Polyiso board has an R-value of 6.5 per inch, but this is only at 75°F. In lower temperatures the R-value drops drastically - it's only R-2 per inch at 15°F (these values are from the company's own literature). So this stuff is hideously bad if you're trying to survive cold temperatures, but as good as it gets if your primary concern is surviving hot weather.

Rock wool and fiberglass are worse than any of the boards, about R-3 per inch, and they have effectively no compression resistance.

The best insulating material you could possibly use is aerogel, which is about R-10 per inch. But it's hideously expensive and has no compression resistance whatsoever, so using it for a subfloor would be difficult and costly.

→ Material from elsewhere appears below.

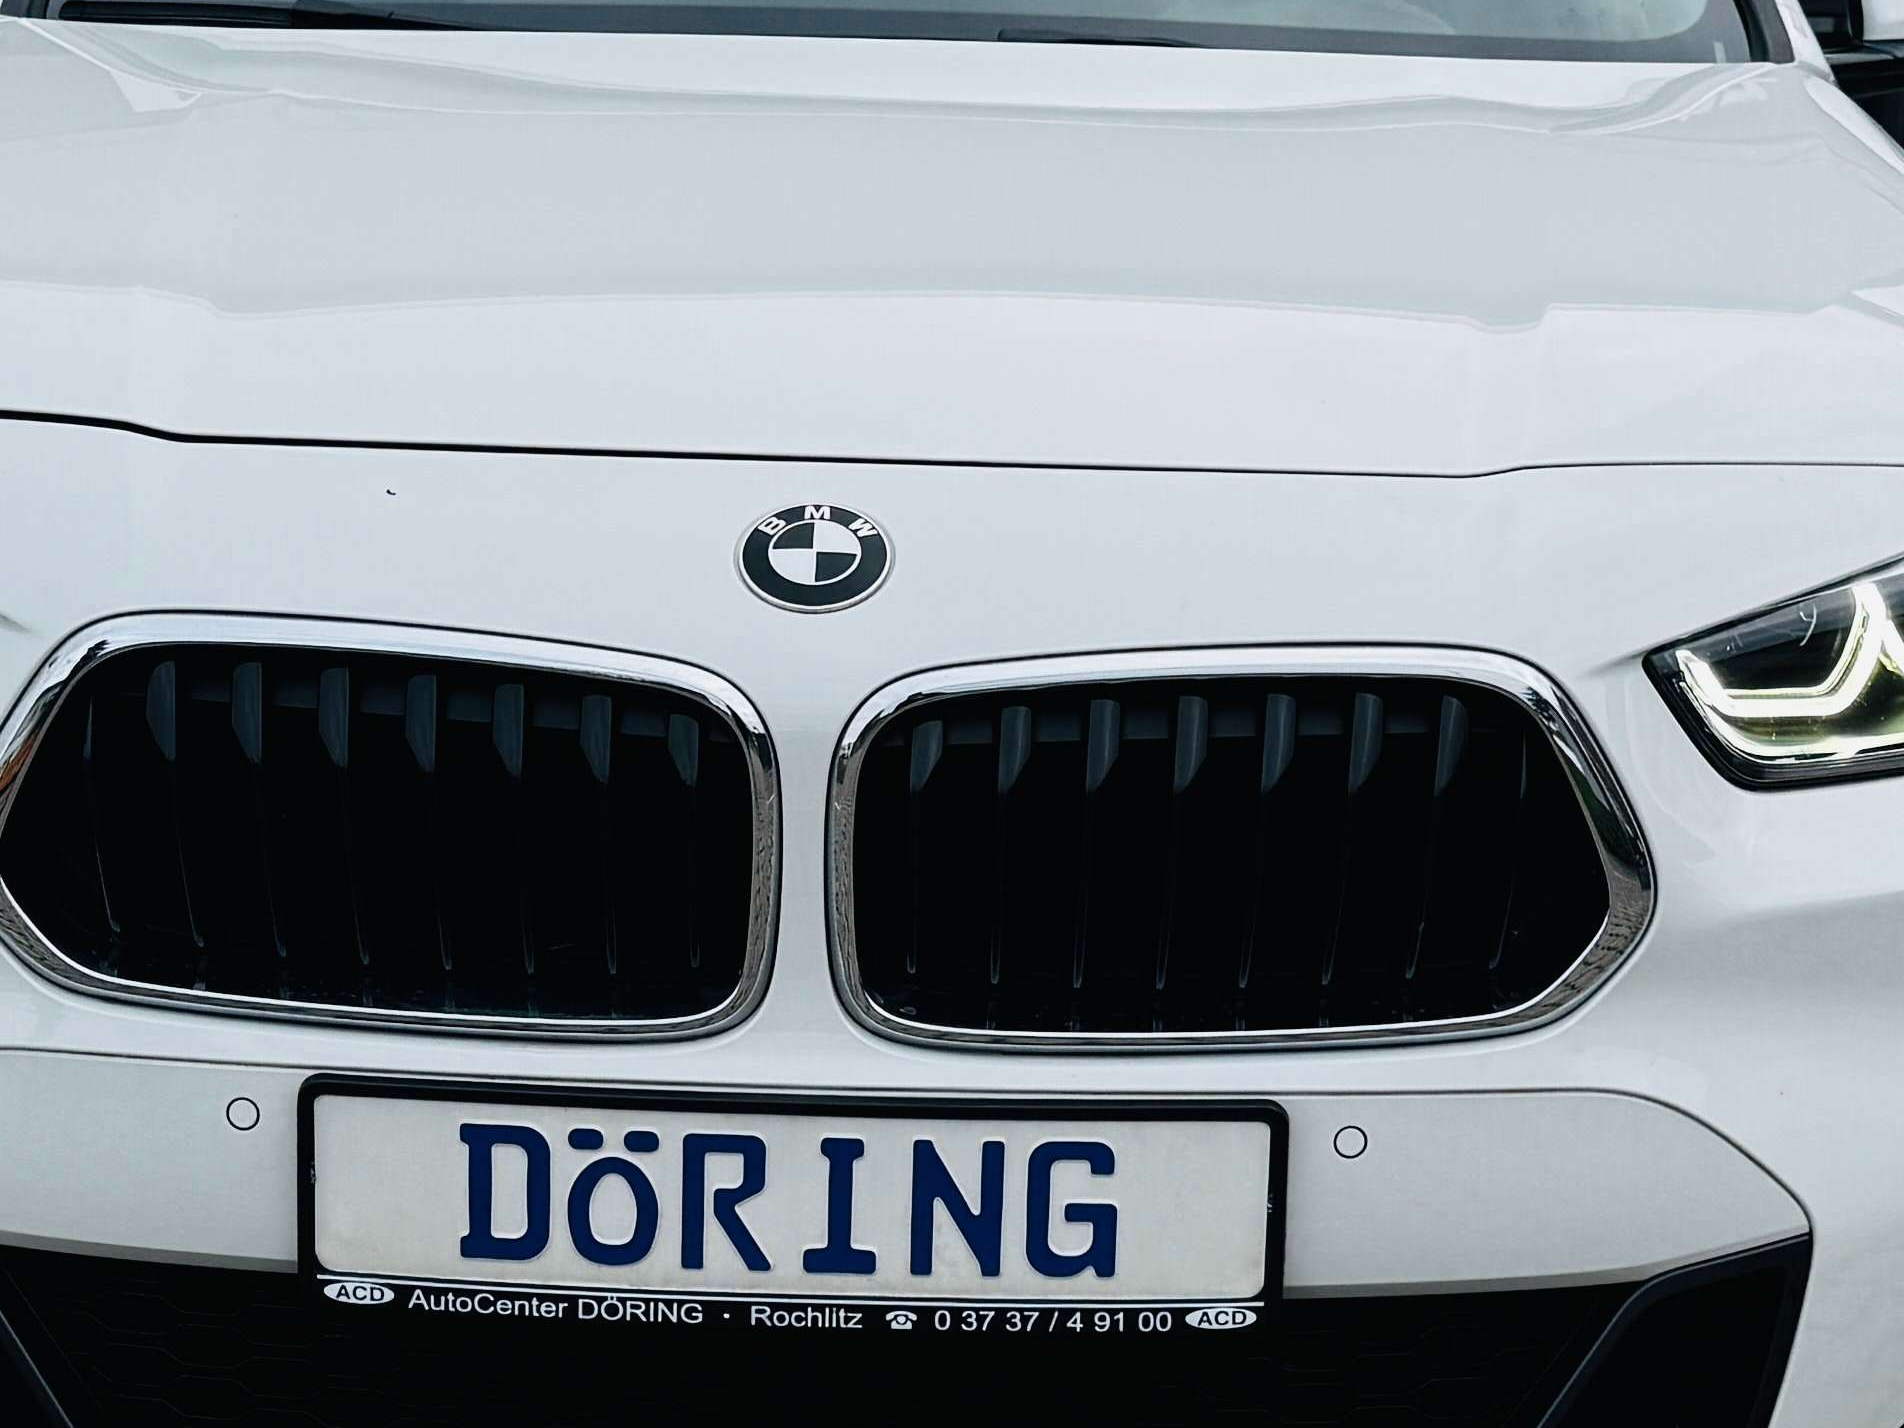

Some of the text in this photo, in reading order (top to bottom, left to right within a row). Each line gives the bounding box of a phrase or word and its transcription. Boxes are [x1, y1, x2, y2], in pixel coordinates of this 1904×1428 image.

What you use is really just a function of how tall you are and how tall your bus is. My bus is 6'7" from steel floor to the middle of the ceiling and I'm 6'0", so I was able to put 2" XPS on the floor and 3/4" plywood (I'll also have 5mm underlayment and 1/8" vinyl floor planks), and 1.5" XPS between the ribs with 3/4" XPS inside the ribs (along with 5mm underlayment as the ceiling panels). This leaves me with an internal ceiling height of 6'3" - I would say having 2" or 3" over your head is about the bare minimum you'd need to be able to walk comfortably inside your bus, but you could maybe go a little bit less.

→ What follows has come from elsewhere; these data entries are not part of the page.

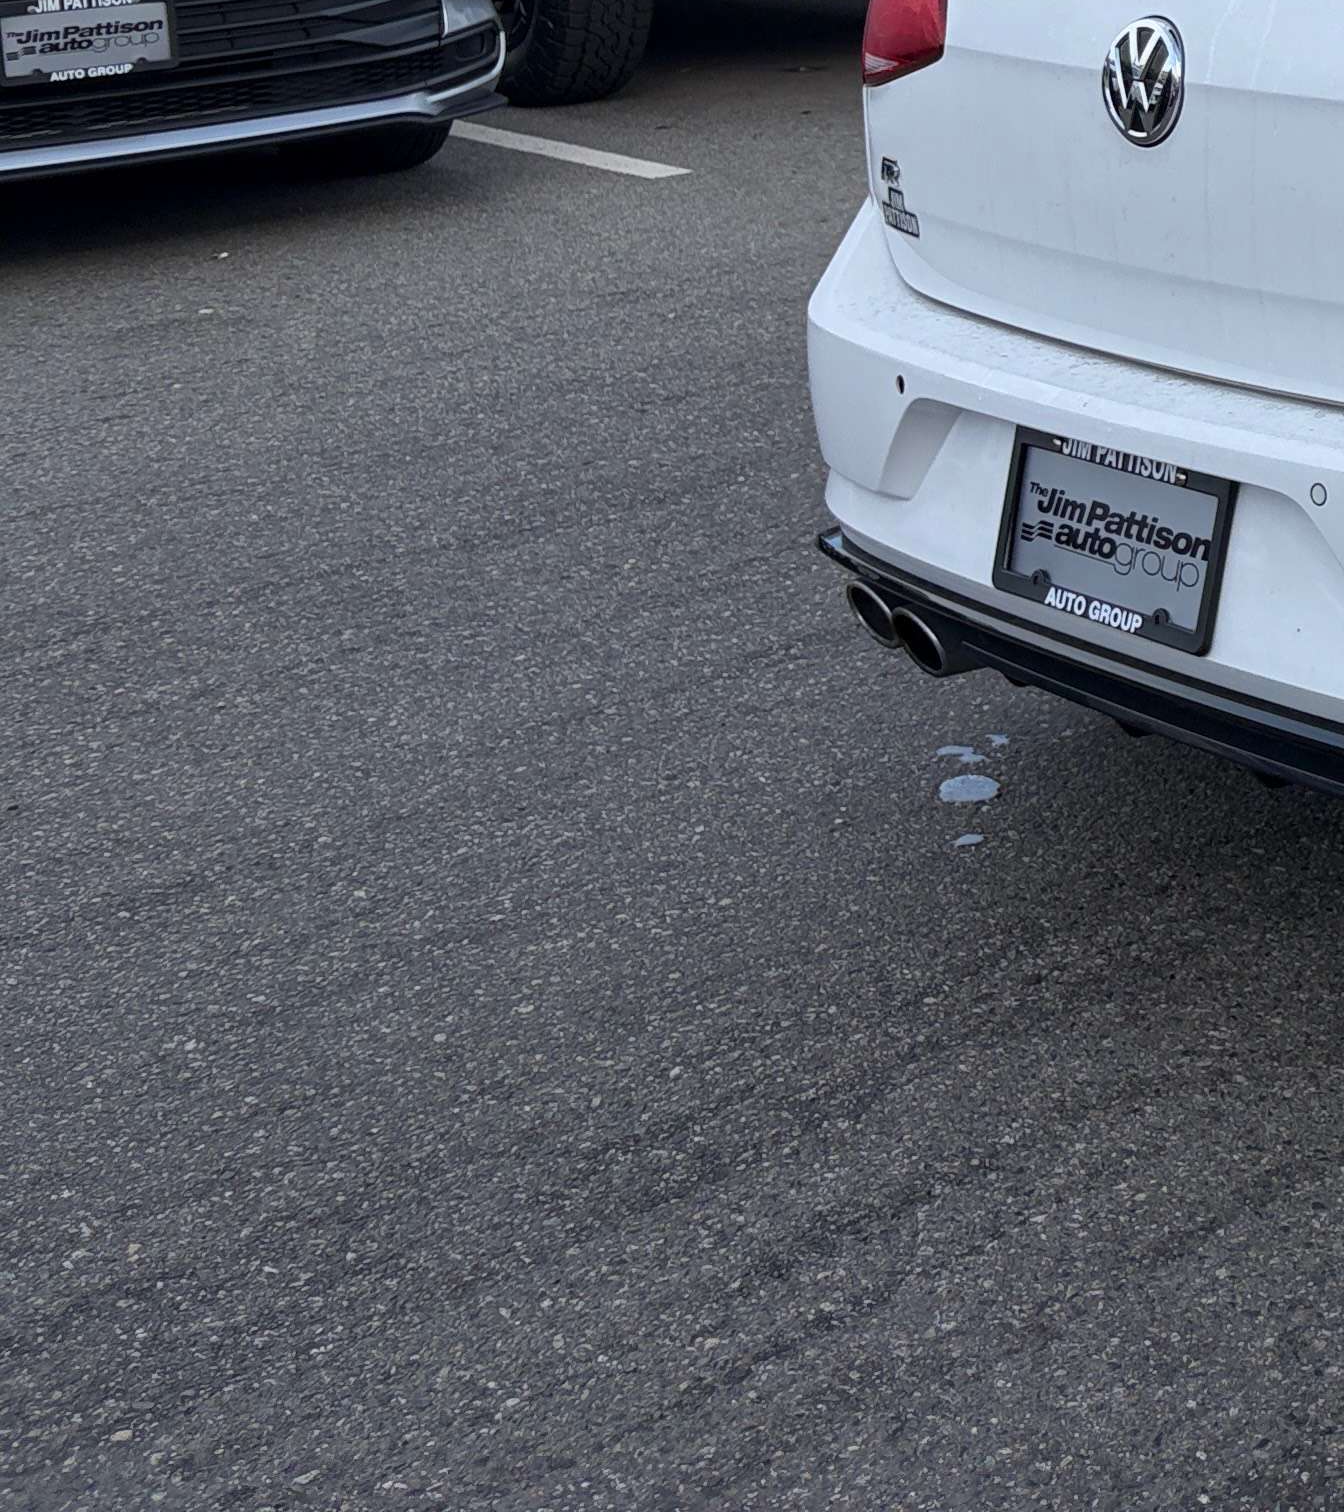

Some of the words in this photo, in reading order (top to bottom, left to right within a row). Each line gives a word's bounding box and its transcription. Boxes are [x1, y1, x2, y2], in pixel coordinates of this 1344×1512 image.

[50, 69, 86, 82] AUTO
[87, 63, 133, 79] GROUP
[1061, 439, 1092, 461] JIM
[1095, 444, 1178, 484] PATTISON
[1030, 481, 1049, 498] The
[1044, 586, 1087, 616] AUTO
[1088, 600, 1144, 634] GROUP

6'7" buses seem to be pretty rare - only the high-ceiling Internationals and Thomas C2s have that. Blue Bird high-ceilings are 6'5" and Thomases (other than the C2s) are 6'4", and the short versions of all these buses are really short, like 6'1" or 6'2". This is why roof raises are so common in the skoolie world (I feel very fortunate that I've managed to get away without doing it, but I was prepared to do it if it had proven necessary).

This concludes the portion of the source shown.